Figure 6 is the control diagram of separation-combination and transportation. Where ${\dot{\theta }}_{wl}$ is the angular velocity of the left wheel, ${\dot{\theta }}_{wr}$ is the angular velocity of the right wheel, ${\dot{\theta }}_{wl}^{ref}$ is the angular velocity of the left wheel, ${\dot{\theta }}_{wr}^{ref}$ is the reference angular velocity of the right wheel, $u_l$ is the control torque of the left wheel, $u_r$ is the control torque of the right wheel, $d{u}_l$ is the control torque difference of the left wheel, $d{u}_r$ is the control torque difference of the right wheel, ${\dot{\theta }}_p$ is the tilt angular velocity of the robot, $P_{locker}$ is the position of the locker, and $P_{lift}$ is the position of the lift. A demonstration video is available at Video S3 in the Supplementary Materials.

5.1. Simulation of the Cargo Module Using LQR

The simulation results of the LQR-based robot with 20 kg of cargo are shown in Figure 7. The simulated maximum torque for the LQR-based robot for transporting 20 kg of cargo is shown in Table 2.

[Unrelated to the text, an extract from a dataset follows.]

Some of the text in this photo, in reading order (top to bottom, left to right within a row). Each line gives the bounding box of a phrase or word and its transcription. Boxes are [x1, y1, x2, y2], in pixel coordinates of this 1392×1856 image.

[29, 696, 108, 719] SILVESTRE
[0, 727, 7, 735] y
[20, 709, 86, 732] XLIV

The simulation results indicate that the robot can safely transport the cargo, and the largest torque applied to the wheel is 10.395 $Nm$.

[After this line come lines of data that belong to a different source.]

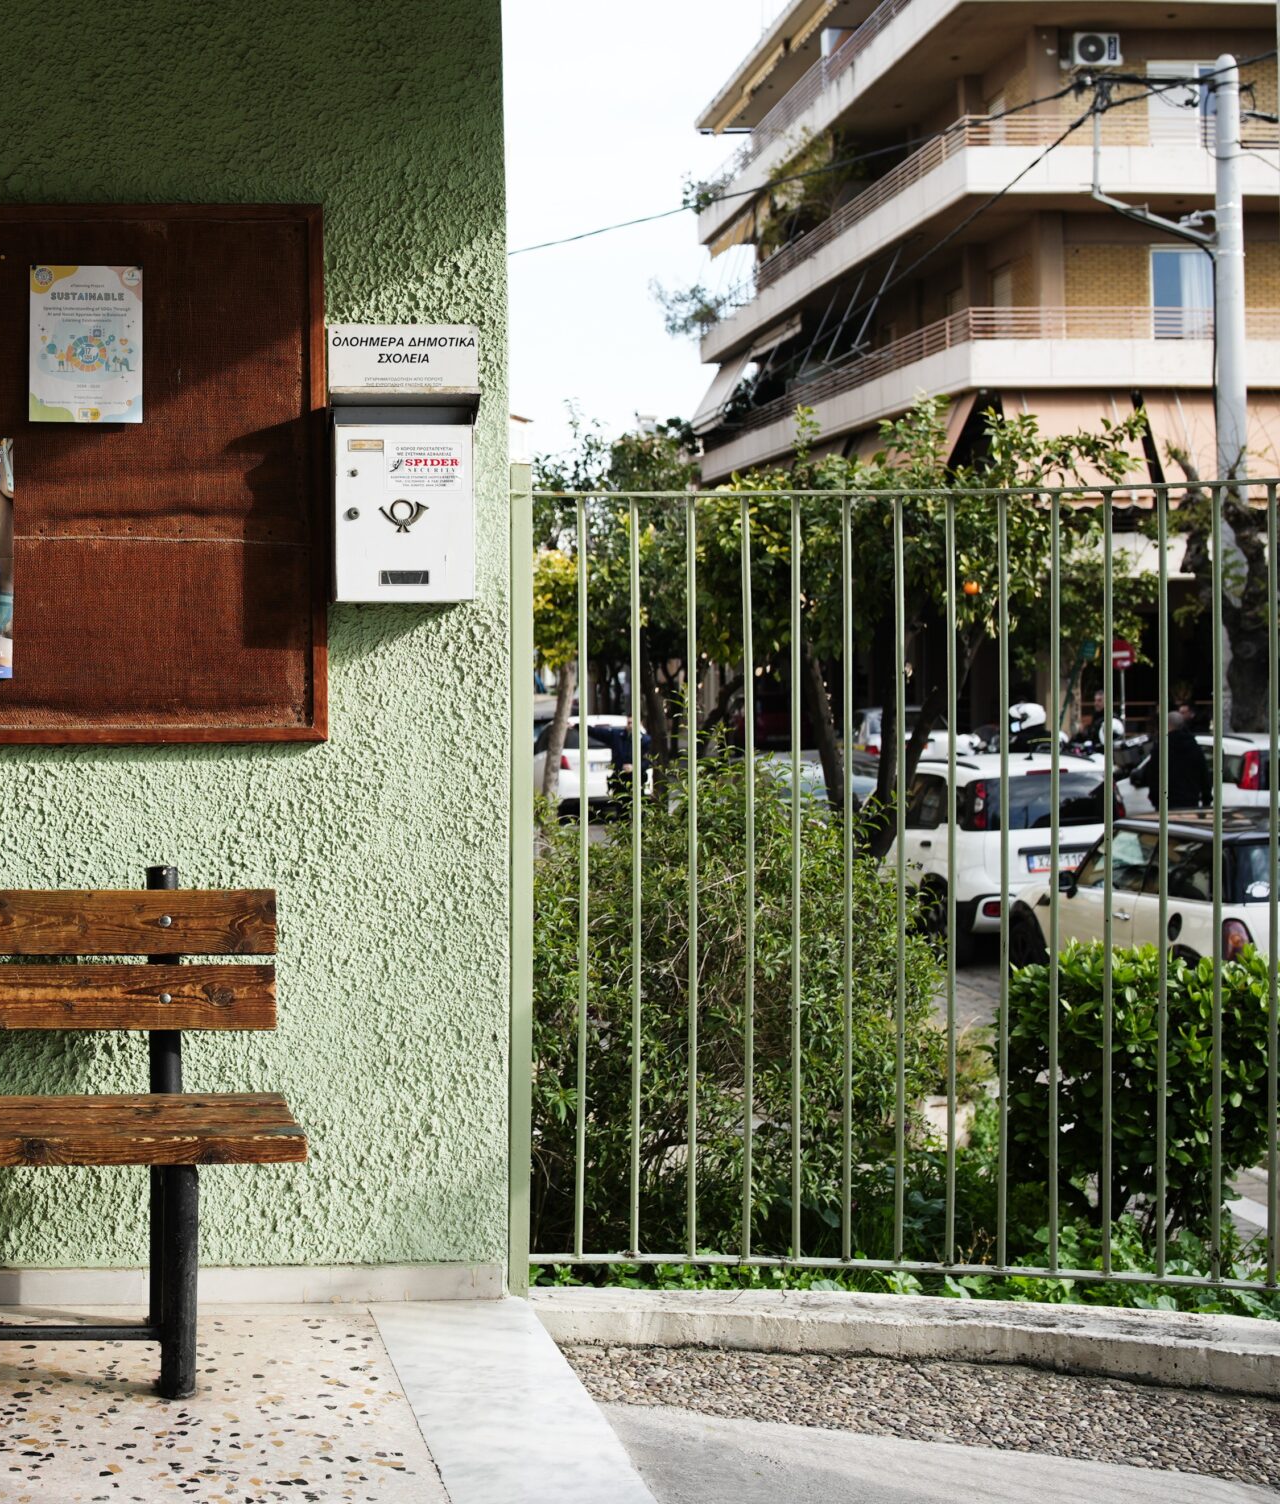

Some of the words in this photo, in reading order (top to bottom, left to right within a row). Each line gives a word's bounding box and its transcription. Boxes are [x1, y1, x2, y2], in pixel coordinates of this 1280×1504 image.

[50, 292, 124, 301] SUSTAINABLE
[332, 336, 404, 347] ΟΛΟΗΜΕΡΑ
[408, 336, 475, 347] ΔΗΜΟΤΙΚΑ
[377, 353, 430, 364] ΣΧΟΛΕΙΑ
[405, 458, 458, 467] SPIDER
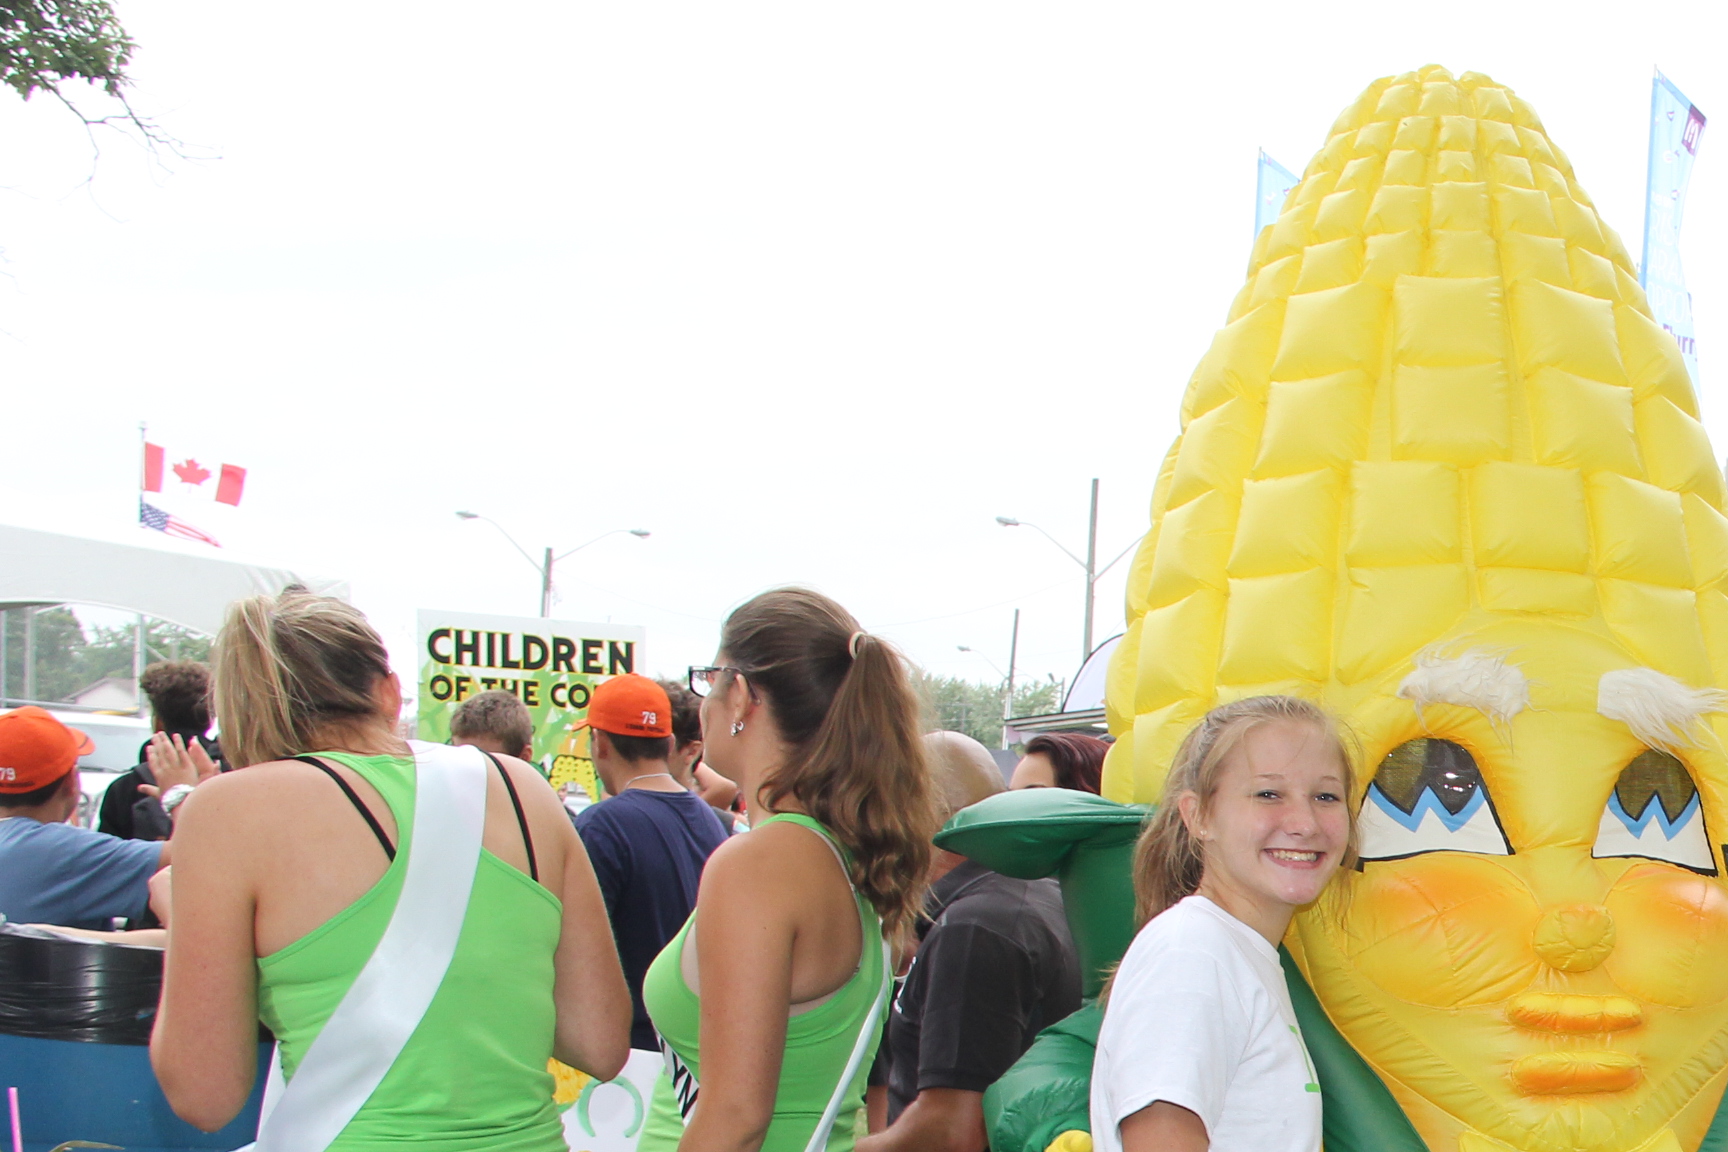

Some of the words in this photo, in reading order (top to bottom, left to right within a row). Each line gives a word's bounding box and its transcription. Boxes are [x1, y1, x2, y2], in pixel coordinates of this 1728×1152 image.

[427, 627, 636, 676] CHILDREN
[430, 675, 472, 702] OF
[550, 682, 600, 709] CO
[642, 710, 657, 725] 79

5.2. Simulation of the Cargo Module Using MPC

The simulation results of the MPC-based robot for transporting 20 kg of cargo are shown in Figure 8. The simulated maximum torque for the MPC-based robot for transporting 20 kg of cargo is shown in Table 3.

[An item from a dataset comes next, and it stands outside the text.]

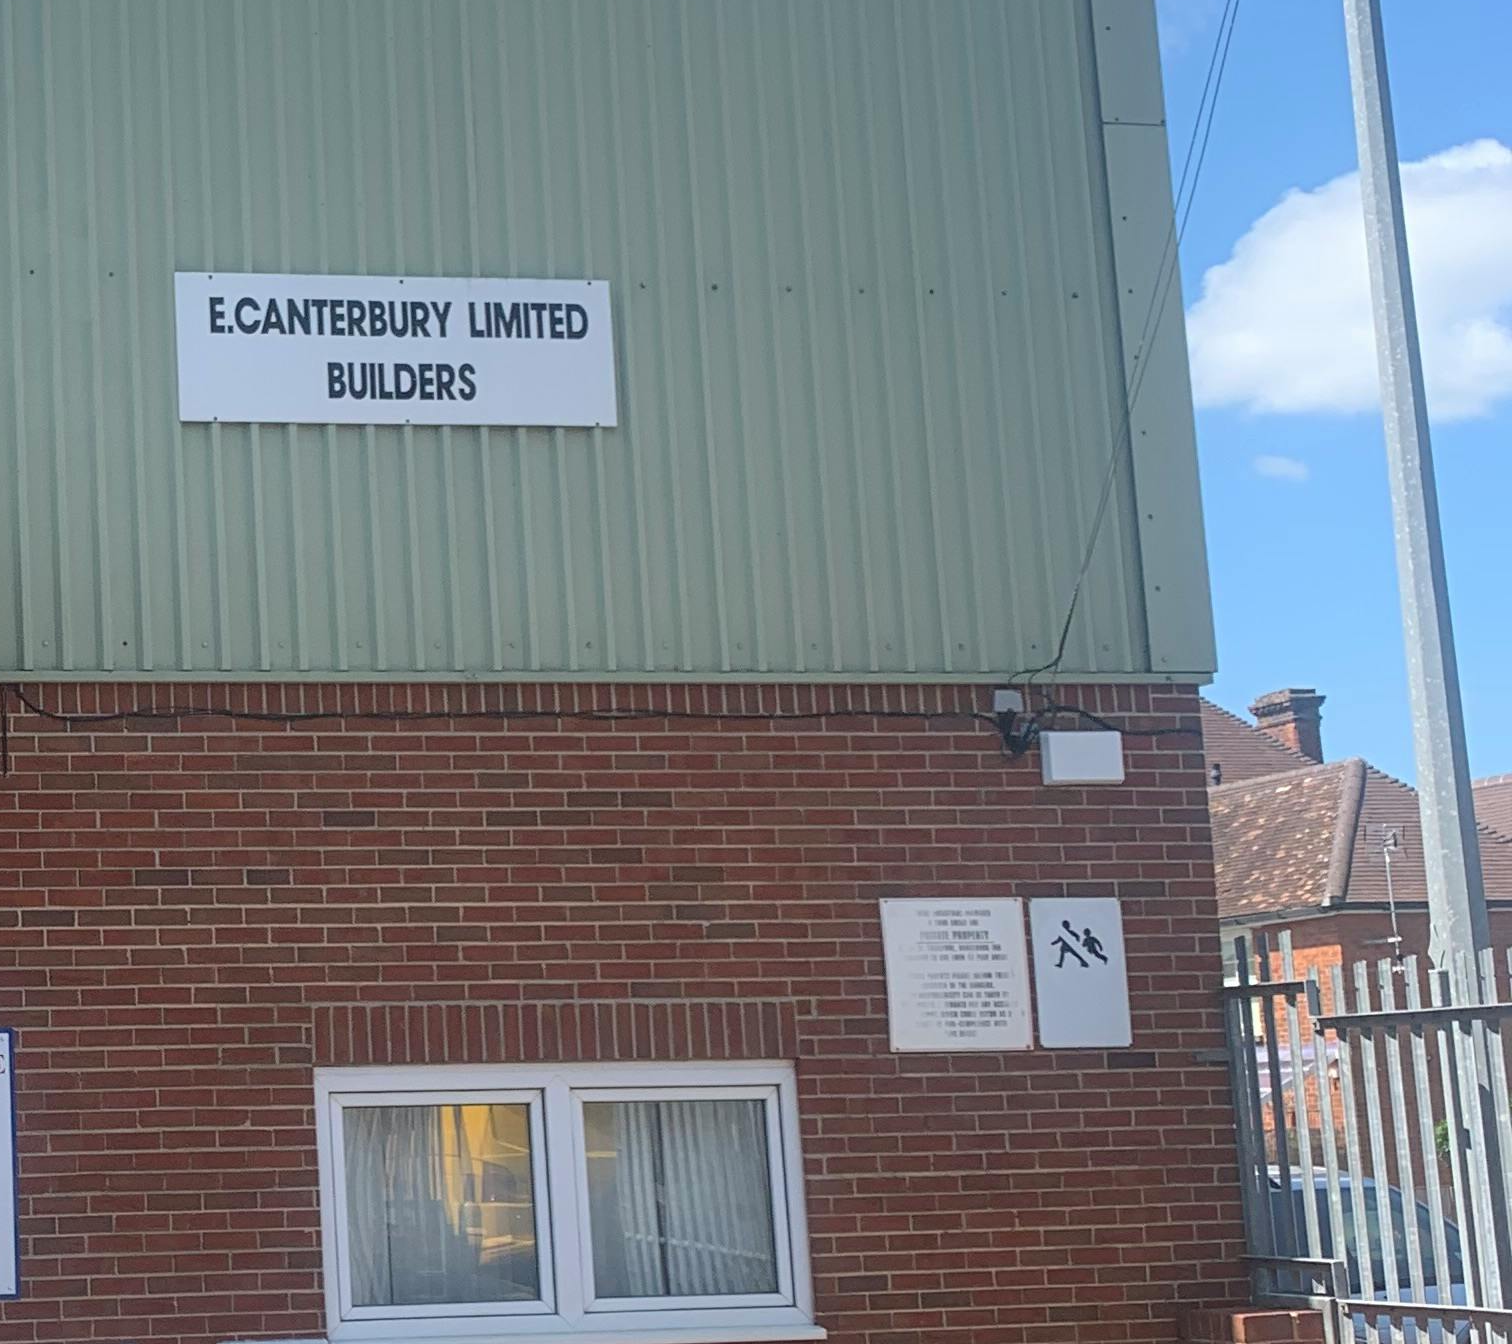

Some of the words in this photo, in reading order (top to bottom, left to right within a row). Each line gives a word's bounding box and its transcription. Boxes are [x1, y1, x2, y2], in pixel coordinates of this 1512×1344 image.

[209, 296, 452, 339] E.CANTERBURY
[469, 301, 589, 340] LIMITED
[327, 361, 477, 401] BUILDERS

The simulation results indicate that the robot system can safely transport the module, and the largest wheel torque is 5.117$Nm$. Compared to the previous LQR controller, a lower wheel torque of 5.278$Nm$ is needed, showing that the MPC method is approximately 50% more effective.

6. Conclusion

Simulation was used to compare the performances of LQR and MPC controllers for a two-wheeled self-balancing robot with a given external force. The LQR and MPC methods both display stable performance. The MPC method exhibits superior self-balancing abilities because additional constraints can be applied. A simulation was performed for transporting heavy cargos, and both controllers showed safe and stable control. Especially, the MPC method required only 50% of the wheel torque to achieve the same performance and robot movement as the LQR method. The constraints such as wheel speed and robot tilt angle can be applied to the MPC method, making the robot more efficient when compared to the LQR method. Thus, the separation–combination cargo transportation two-wheeled self-balancing robot benefits more using the MPC method. In future work, the performances of these separation–combination cargo transportation robots using MPC will be tested for different ranges of weights and more robots. Furthermore, a physical robot is planned to be constructed and tested.